Custom connector from scratch

Build a connector that ingests data from a third-party REST API into Curiosity, end to end. Two parallel walkthroughs — C# (using Curiosity.Library) and Python (using the curiosity PyPI package) — so you can pick the runtime that matches your team.

By the end you'll have:

A graph schema for Article and Author nodes plus a Wrote edge.
An idempotent ingestion loop with a cursor and on-disk checkpoint.
ACL mirroring from the source.
An auto-commit policy that scales to large backfills.

Estimated time: 45–60 minutes.

Architecture

flowchart LR SourceAPI[(Source API)] -->|paged GET| Loop["Cursor loop\n(your code)"] Loop --> Map["Map record\n→ nodes + edges + ACL"] Map -->|TryAdd / AddOrUpdate / Link| Graph[(Curiosity graph)] Map -->|RestrictAccessToTeam| Graph Loop --> Cp[(Checkpoint file)] Graph -. "max(UpdatedAt)" .-> Cp

The same architecture in both languages — only the SDK calls differ.

Step 1 — provision a connector token

In the workspace UI:

Settings → API integrations → + New connector.
Name it news-connector, choose Tabular / generic REST, click Save.
Copy the token. Store it in an env var (CURIOSITY_TOKEN); never commit it.

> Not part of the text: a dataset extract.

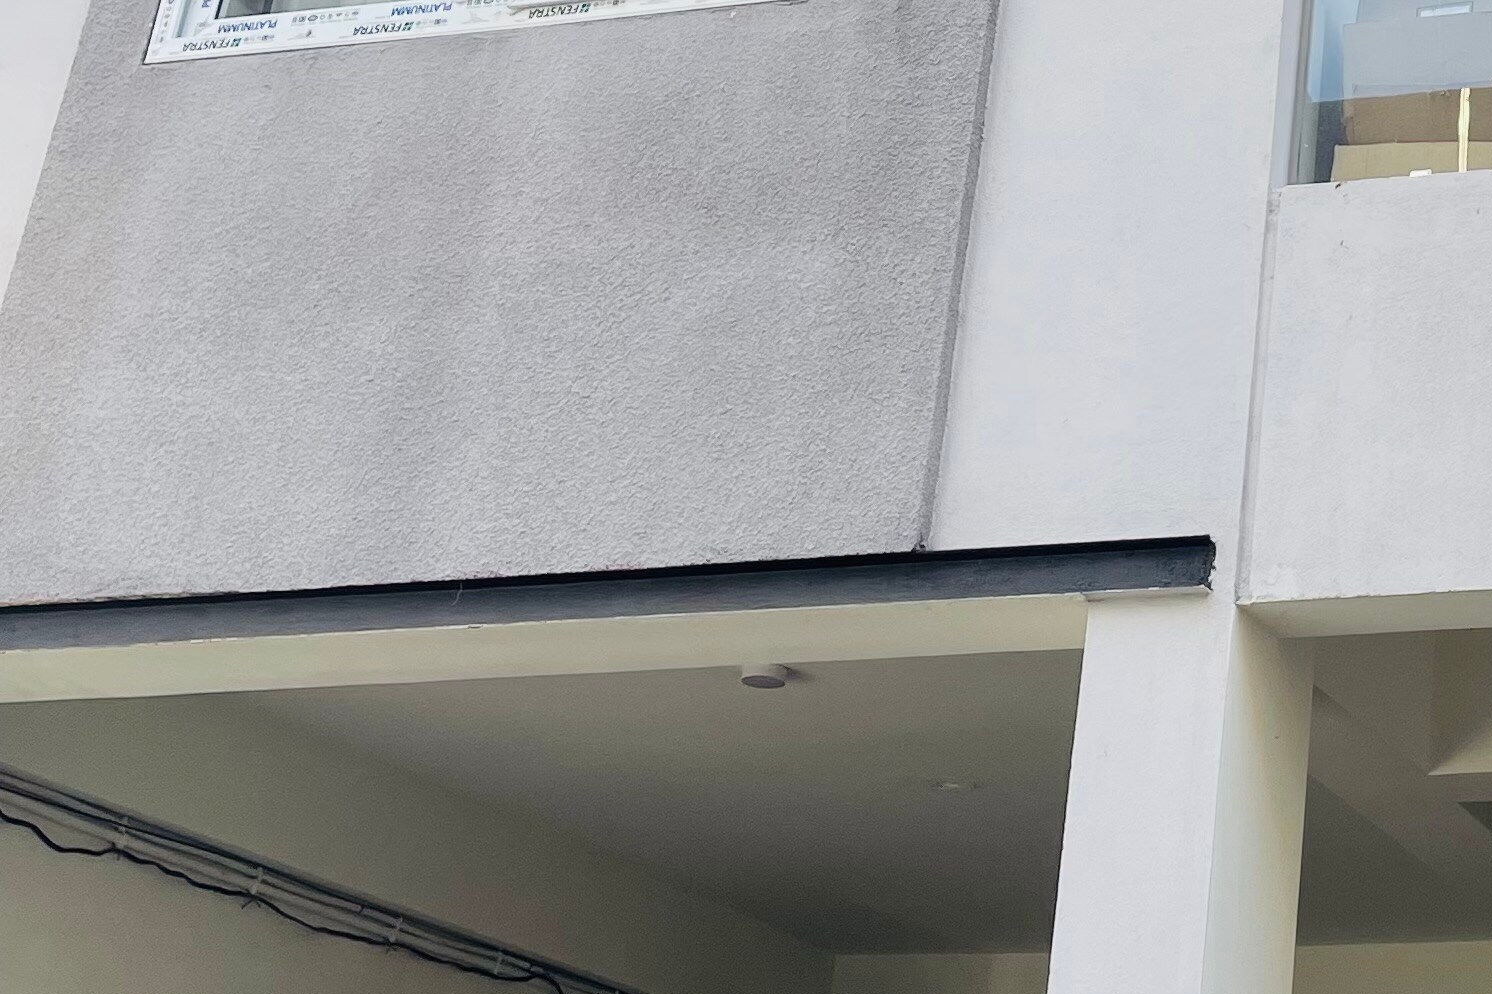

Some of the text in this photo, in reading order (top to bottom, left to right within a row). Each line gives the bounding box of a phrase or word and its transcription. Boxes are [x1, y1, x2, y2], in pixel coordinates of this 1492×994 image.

[528, 5, 580, 19] FENSTRA
[352, 22, 402, 36] FENSTRA
[182, 37, 231, 52] FENSTRA
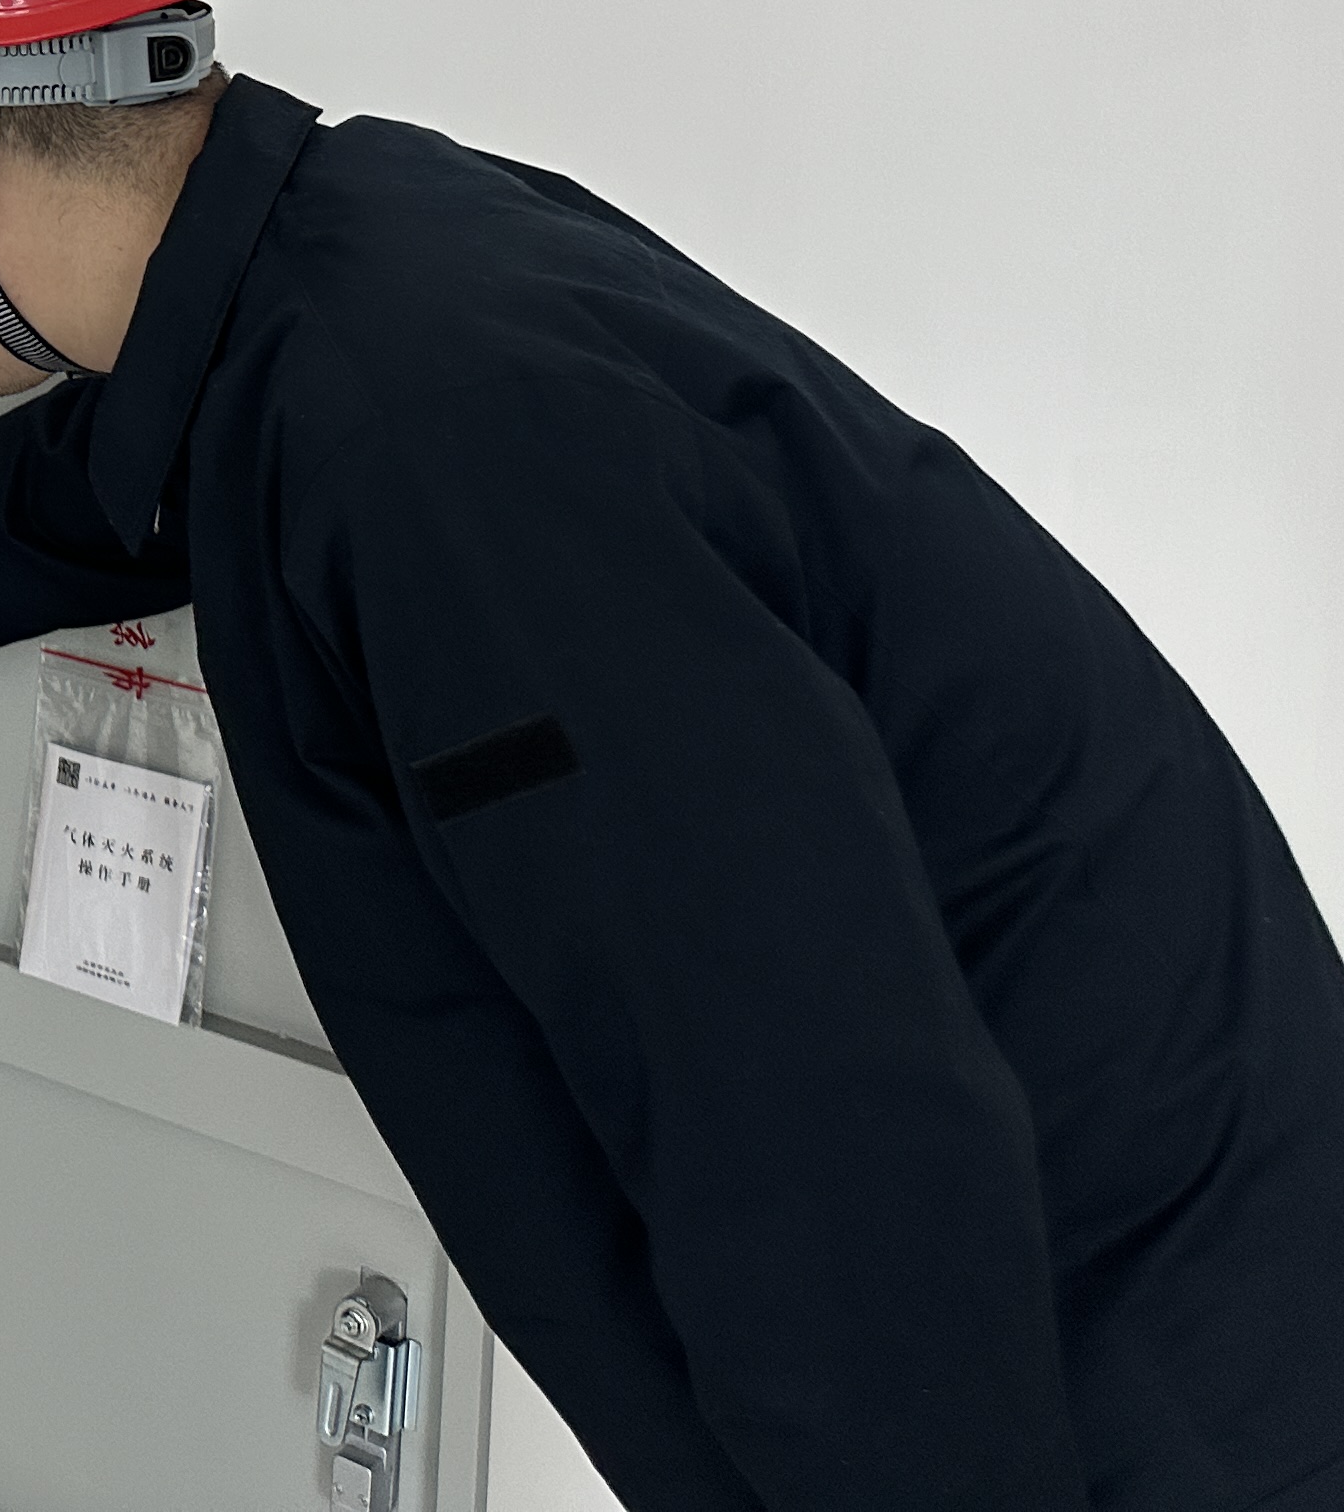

You'll also need the workspace URL — https://workspace.example.com in the examples below.

Step 2 — define the schema

// Schema.cs
using Curiosity.Library;

namespace News.Schema;

[Node]
public class Author
{
[Key]      public string Login { get; set; }
[Property] public string Name  { get; set; }
}

[Node]
public class Article
{
[Key]       public string         Id      { get; set; }
[Property]  public string         Title   { get; set; }
[Property]  public string         Body    { get; set; }
[Timestamp] public DateTimeOffset Published { get; set; }
}

public static class Edges
{
public const string Wrote   = nameof(Wrote);
public const string WrittenBy = nameof(WrittenBy);
}

# schema.py — schemas declared inline at connect time.
NODE_SCHEMAS = [
{"type": "Author",  "key": "Login",
"properties": ["Name"]},
{"type": "Article", "key": "Id",
"properties": ["Title", "Body"], "timestamp": "Published"},
]

EDGE_SCHEMAS = [
{"name": "Wrote",     "reverse": "WrittenBy"},
]

Step 3 — write the pure mapping function

The mapper takes a source record and turns it into graph operations. Keep it free of I/O so you can unit-test it in isolation.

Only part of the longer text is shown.